# Some bucks from one of the QDM Co-op's in Barry County



## beerguide (Dec 2, 2003)




----------



## beerguide (Dec 2, 2003)




----------



## beerguide (Dec 2, 2003)




----------



## beerguide (Dec 2, 2003)




----------



## bulltrout (Apr 27, 2004)

Wow


----------



## Gone Fishing (Jul 31, 2001)

Man, those pics get ME pumped and I'm just a dumb fisherman!  I may just have to give it a try this year.


----------



## Bob S (Mar 8, 2000)

The tall brow tines on the buck in the first picture, look like the shed that Tony Smith`s neighbor found last winter.


----------



## GrizzlyBear (Apr 27, 2003)

I have a pic I took two weeks ago of a buck in Huron county that is similar to the one with the tall brow tines, I'll try to get it scanned in so I can share it with you guys. Lots of QDM co-ops going up by us too, hopefully if we can keep leading by example, QDM will continue to grow.


----------



## Kevin (Oct 4, 2000)

Whoooeee!

As they say in billiards, rack'em up!


----------



## Robow (Dec 2, 2001)

Hey Beerguide! Do you guys have those deer fenced up? I'm pretty sure that our land isn't to far from yours and we haven't seen a shooter yet! We have had two trail cams out all summer and out of maybe ten rolls of film there were eight bucks. The best was an eight pt. with a 11 or 12" spread.


----------



## bde (Jun 22, 2004)

Robow said:


> Hey Beerguide! Do you guys have those deer fenced up? I'm pretty sure that our land isn't to far from yours and we haven't seen a shooter yet! We have had two trail cams out all summer and out of maybe ten rolls of film there were eight bucks. The best was an eight pt. with a 11 or 12" spread.

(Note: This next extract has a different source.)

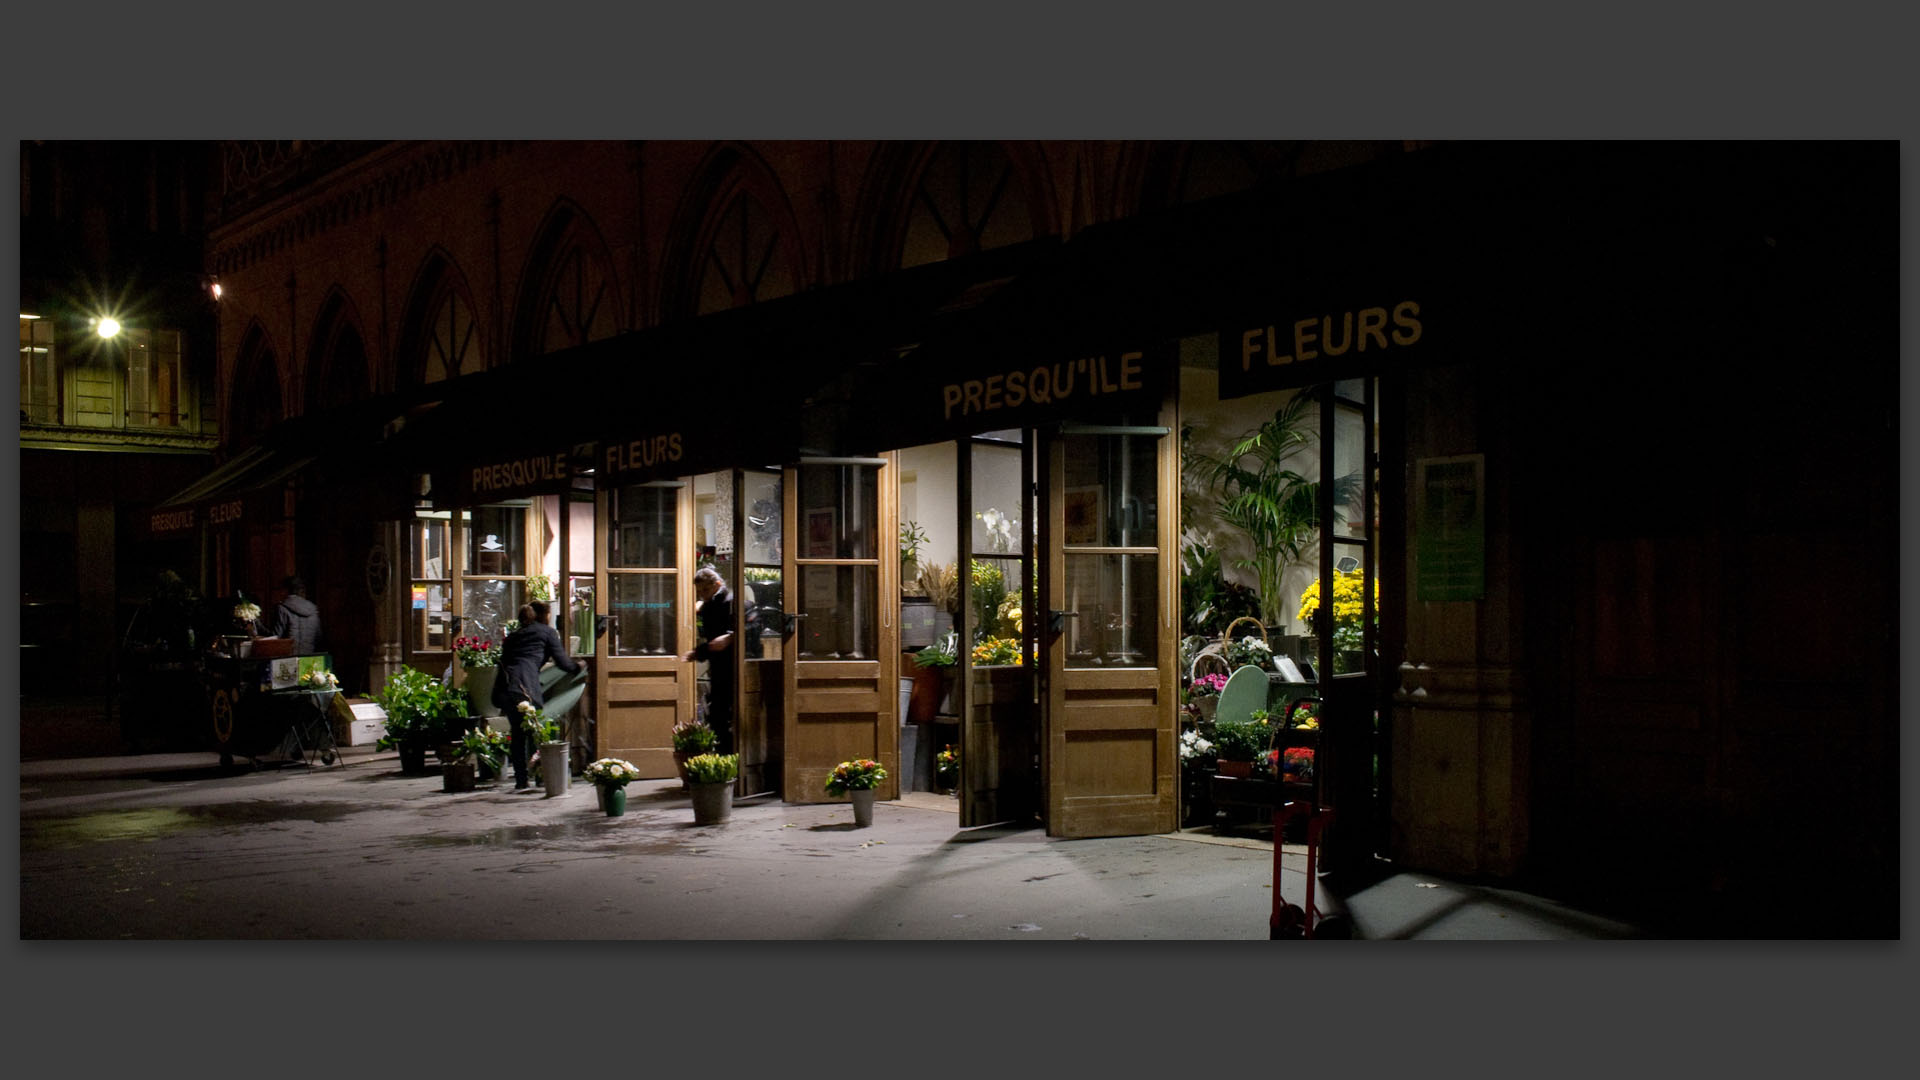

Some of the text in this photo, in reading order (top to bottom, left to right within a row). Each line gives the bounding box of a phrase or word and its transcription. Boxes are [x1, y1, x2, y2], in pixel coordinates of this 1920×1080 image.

 This property (area) has been practicing awhile. be patient. The more people that get on board with co-ops the faster it happens.
BDE


----------



## beerguide (Dec 2, 2003)




----------



## Captain (Feb 11, 2000)

Beerguide, how does some one go about getting a sign like that? Did you make and paint it yourself?


----------



## beerguide (Dec 2, 2003)

Tony Smith (Eaton Co. Pres.) gave my brother and I the sign.The sign was made by an artist in Vermontville. The board costs $35 and I believe he charges $50 a side for lettering. When more funds are available with the newly formed Barry County Branch we plan on having more made. If the demand is there and people are interested maybe we can make them available for purchase, it makes great advertisement... any thoughts?


----------



## Bob S (Mar 8, 2000)

Hey, I love the sign beerguide. If you begin to sell them, let me know.


----------



## Adam Waszak (Apr 12, 2004)

Those bucks look ok, a couple years and you may have a shooter or two, Maybe! :lol: :lol: :lol: 

AW


----------



## GrizzlyBear (Apr 27, 2003)

Please let us all know if they go up for sale, I'm sure a few people would be interested.


----------



## Andy (May 20, 2004)

I WANT ONE OF THOSE SIGNS!!!!! Shopping for my brother and dad is a hard thing to do for christmas (they already have it all). This sign would be a perfect gift! Please let me know if there is any way I can buy a sign just like that for them!


andy


----------



## TnRidge (Aug 29, 2004)

Nice pics. My dad lives in Barry Co. on Wilkinson Lake near Delton .Good to see you guys are practicing QDM in that area .


----------



## Pinefarm (Sep 19, 2000)

QDM? Nah, it'll never work man! You're just selfish and trying to cram your knowledge down my throat. :lol: 
I heard Michael Moore is coming out with a movie about QDM!  :lol:

Are mature bucks and antler growth a sign of herd health and good nutrition? Do antlers tell us anything about what's going on with the herd?


----------



## BSK (Apr 10, 2004)

Good reply [email protected]!


----------



## beerguide (Dec 2, 2003)




----------



## beerguide (Dec 2, 2003)




----------



## deepwoods (Nov 18, 2002)

I got buck fever sitting at my desk. WOW!!! :SHOCKED: Good for you.


----------



## beerguide (Dec 2, 2003)

Sorry, the moderator moved these recent photos to the newly formed "Deer Cam" catergory. Check there if you are interested or check my photo gallery. I put these pictures here in the "management for quality" mainly to show people on the advantages that Quality Deer Management can offer. These recent photos were taken within our Co-op which was just formed last year.


----------



## beerguide (Dec 2, 2003)

Congratulations to Joel Malcuit of Vermontville which produced this fine buck from there QDM Co-op


----------



## jk hillsdale (Dec 7, 2002)

Very impressive tine length.


----------



## Matt3ddsteel (Jan 10, 2002)

That must be the same buck from the first picture when he was still in velvet, it looks like it to me anyway. Dandy buck. Nice work.


----------



## Swamp Ghost (Feb 5, 2003)

Congrats Joel! Looks similar to the shed he found last winter.


----------



## bde (Jun 22, 2004)

Swamp Ghost said:


> Congrats Joel! Looks similar to the shed he found last winter.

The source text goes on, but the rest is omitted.